IsInRole Authorization in ASP.NET Application Configured for Federated Authentication Using Windows Identity Foundation (WIF) and ClaimsAuthenticationManager

In this post I will show how to use Windows Identity Foundation’s (WIF) ClaimsAuthenticationManager to transform incoming claims into Role claims so that ASP.NET web application can apply familiar role based authorization using IPrincipal’s IsInRole method.

This is a follow up to IsInRole Authorization in ASP.NET Application Configured for Federated Authentication Using Windows Identity Foundation (WIF) and Azure AppFabric Access Control Service.

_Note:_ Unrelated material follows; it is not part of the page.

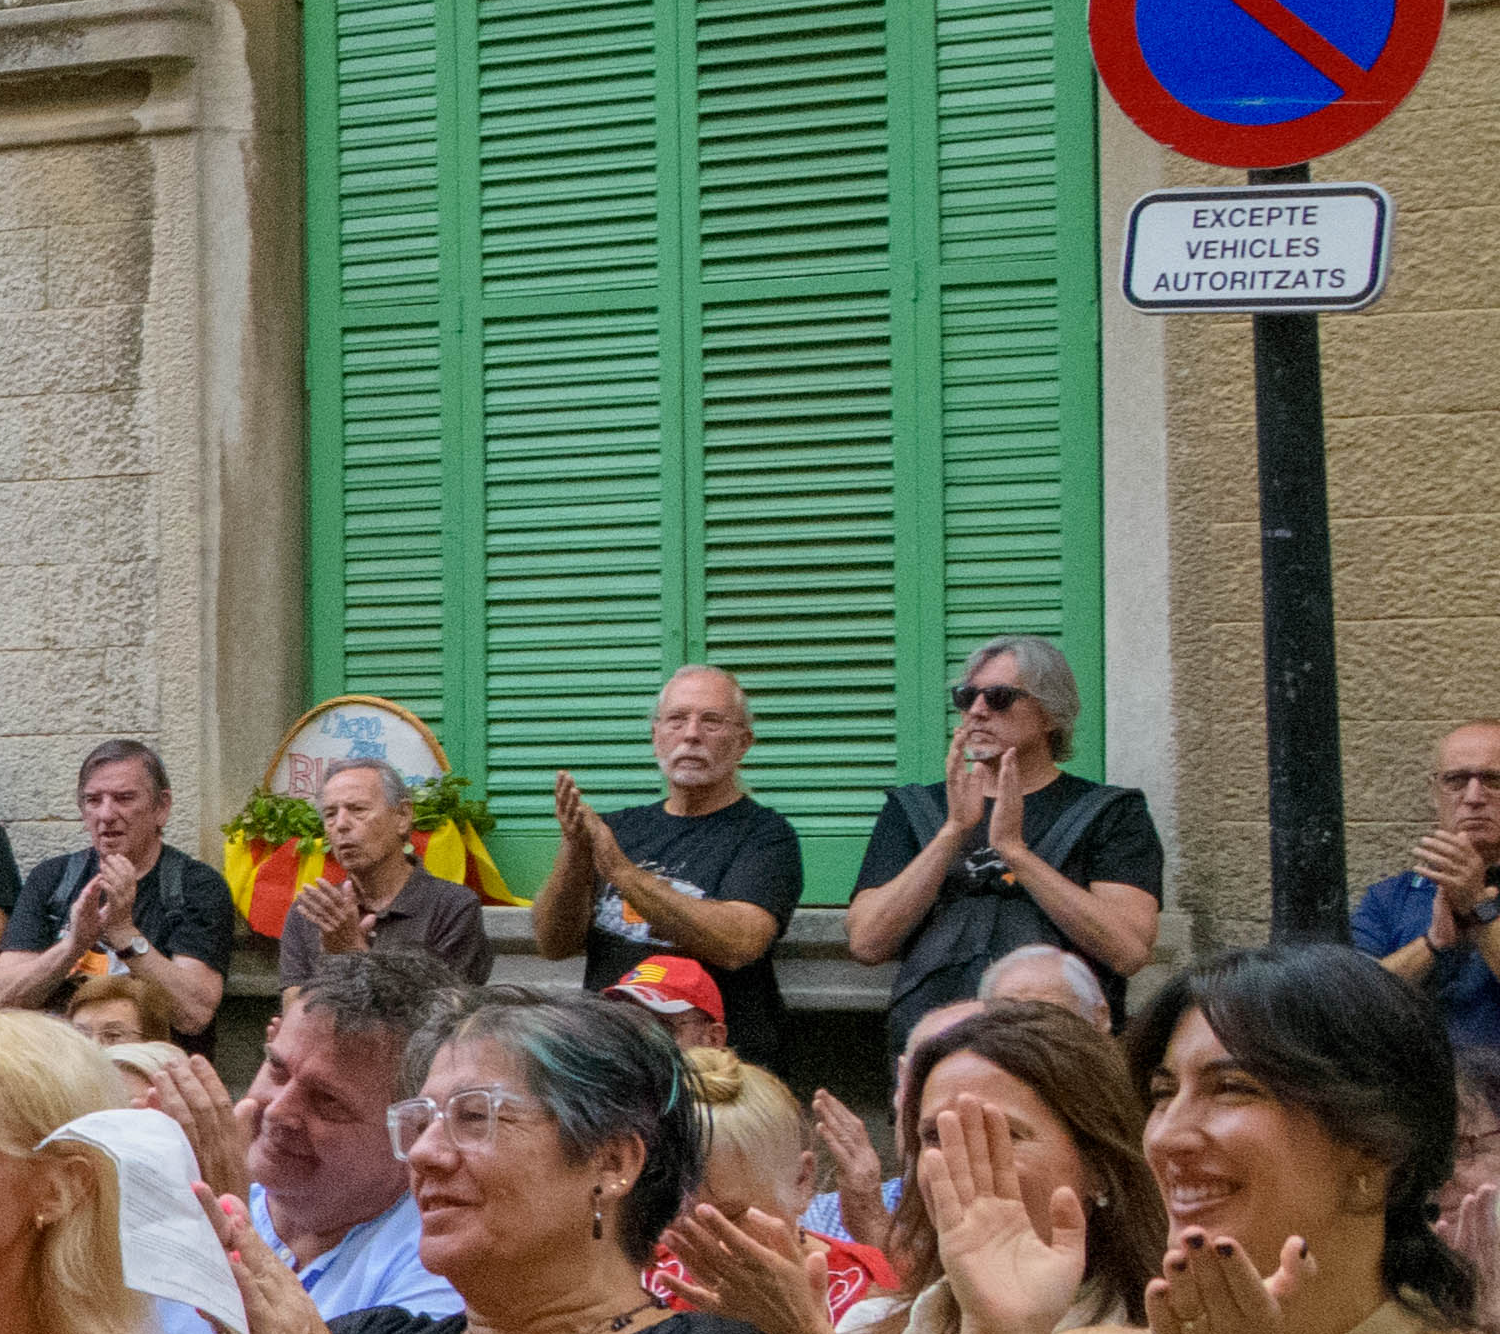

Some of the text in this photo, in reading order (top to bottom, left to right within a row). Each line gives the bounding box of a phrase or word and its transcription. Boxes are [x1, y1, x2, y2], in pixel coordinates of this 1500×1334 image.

In previous post I showed how to add Role claims using Azure AppFabric Access Control Service (ACS). In this post there is no dependency on ACS, and any Security Token Service (STS) can be used for federated authentication in your ASP.NET application. Claims transformation will happen in the context of the ASP.NET application regardless STS it is configured. Rest of the post outlines detailed steps to accomplish this task. It assumes you already have simple ASP.NET web application in your Visual Studio.

Summary of Steps

  • Step 1 – Create Claims Transformation Class Library Using Custom ClaimsAuthenticationManager
  • Step 2 – Configure Claims Aware ASP.NET Application to Use Custom ClaimsAuthenticationManager
  • Step 3 – Implement Authorization Role Access Checks in Your ASP.NET Application
  • Step 4 – Test Your Work

Step 1 – Create Claims Transformation Class Library Using Custom ClaimsAuthenticationManager

  • Add Class Library project to the Visual Studio Solution and give it a name, for example, MyClaimsTransformationModule.
  • Add reference to Microsoft.IdentityModel assembly.
  • Add reference to System.IdentityModel assembly.
  • Create new class and give it a name – for example, ClaimsTransformationModule.
  • Add the following using declarations to the class:

 

using Microsoft.IdentityModel.Claims;
using System.Security.Principal;

 

  • Derive the class from the ClaimsAuthenticationManager type.
  • Override its Authenticate method – this is where claims transformation will take place. Your code for Authenticate method can be based on the following:

if (incomingPrincipal != null && incomingPrincipal.Identity.IsAuthenticated == true)
{
    //DECIDE ON SOME CRITERIA IF CURRENT USER DESERVES THE ROLE
    ((IClaimsIdentity)incomingPrincipal.Identity).Claims.Add(
        new Claim(ClaimTypes.Role, "Admin"));
}
return incomingPrincipal;

 

Step 2 – Configure Claims Aware ASP.NET Application to Use Custom ClaimsAuthenticationManager

  • Switch to the ASP.NET application and configure your custom ClaimsAuthenticationManager in its web.config:

  <microsoft.identityModel>
    <service>
      <claimsAuthenticationManager type="MyClaimsTransformationModule.ClaimsTransformationModule, MyClaimsTransformationModule" />

  • Make sure the new assembly you created can be found by the application, the simplest way is to place it in its bin folder.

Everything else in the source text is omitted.